その少女の名はフュース……兄の事が誰よりも好きな女神である。
そしてその兄の名は
ジーラ……
「よぉ、 どうしたフュース? 」
「パパとママがご飯だって! 」
その家族はほぼ人間と変わらない生活をしていた。
人間と同じように畑を耕し、 家畜を育て、 物を食す……
位の低い神々だからこその特徴であった……
そして一番の特徴はその神々の子供は非常に不安定な肉体を持つという事……
ジーラもフュースもその親も……同じく普通とはどこか違っていたのだ……
「ただいま! 父さん、 母さん! 」
「お帰り、 ジーラ」
「畑の調子はどうだ? 」
「あぁ、 今年も順調だよ」
家に変えればそんな何気ない家族の会話をする……
そんな日常を彼らは愛していた……
あの日が来るまでは……
元々、 ジーラ一家のような位の低い神々は普通の神々からは差別的扱いを受けており、 位の低い神々は神人の世界、 つまり神の世と現世の境目に住まわされていたのだ……

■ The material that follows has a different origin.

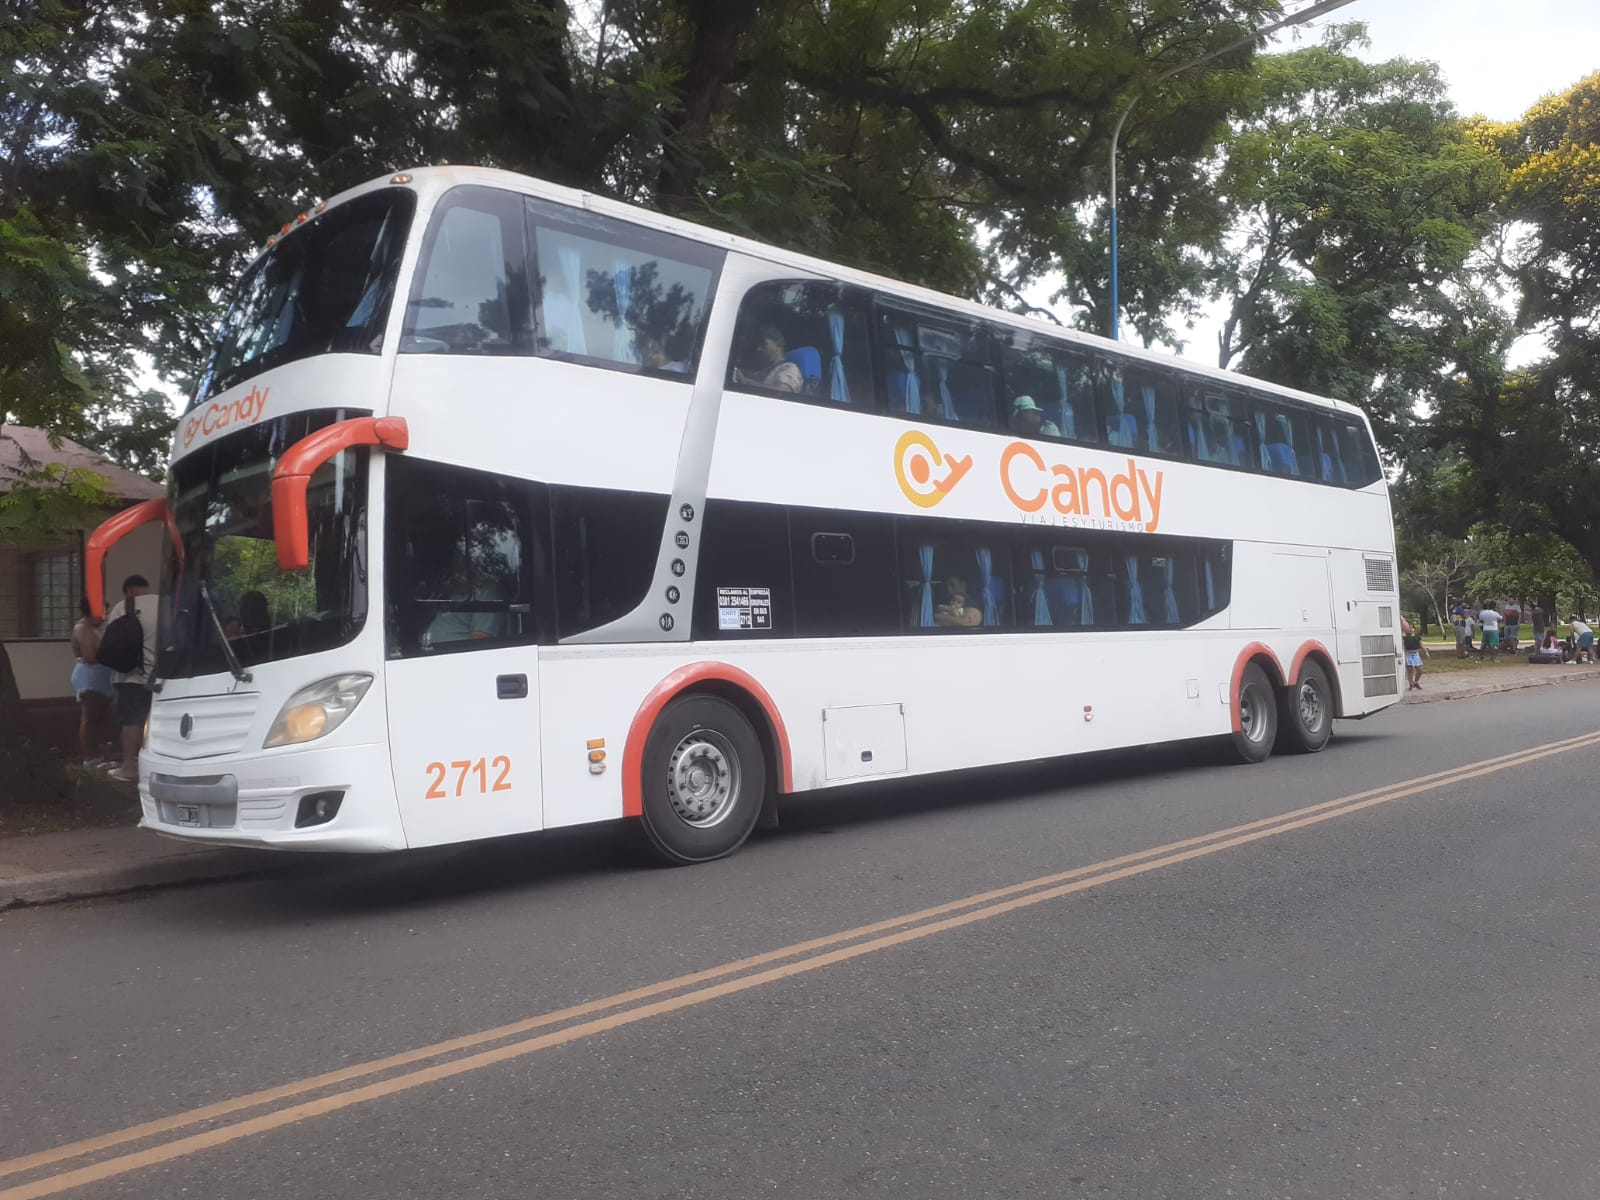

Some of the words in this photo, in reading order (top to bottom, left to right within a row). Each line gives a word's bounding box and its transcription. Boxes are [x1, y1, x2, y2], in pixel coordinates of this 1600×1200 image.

[202, 385, 270, 436] Candy
[1000, 442, 1163, 534] Candy
[425, 755, 512, 800] 2712

そのような制度を立てたのは中位の神々……人間で言う貴族の位に立つ神であった……勿論、 その中には誠実で慈悲深い神々もいたが……大半は差別的扱いをし、 道具の様に扱う者が多かった……ジーラ一家は畑で採れた作物を神々に捧げ、 時として奴隷のようにその神の奉仕を強いられる事もあった……
神々を統べる神の王達はその制度を無くそうと努力をしている者もいたが、 当時はまだその手が及ばない所が多かった……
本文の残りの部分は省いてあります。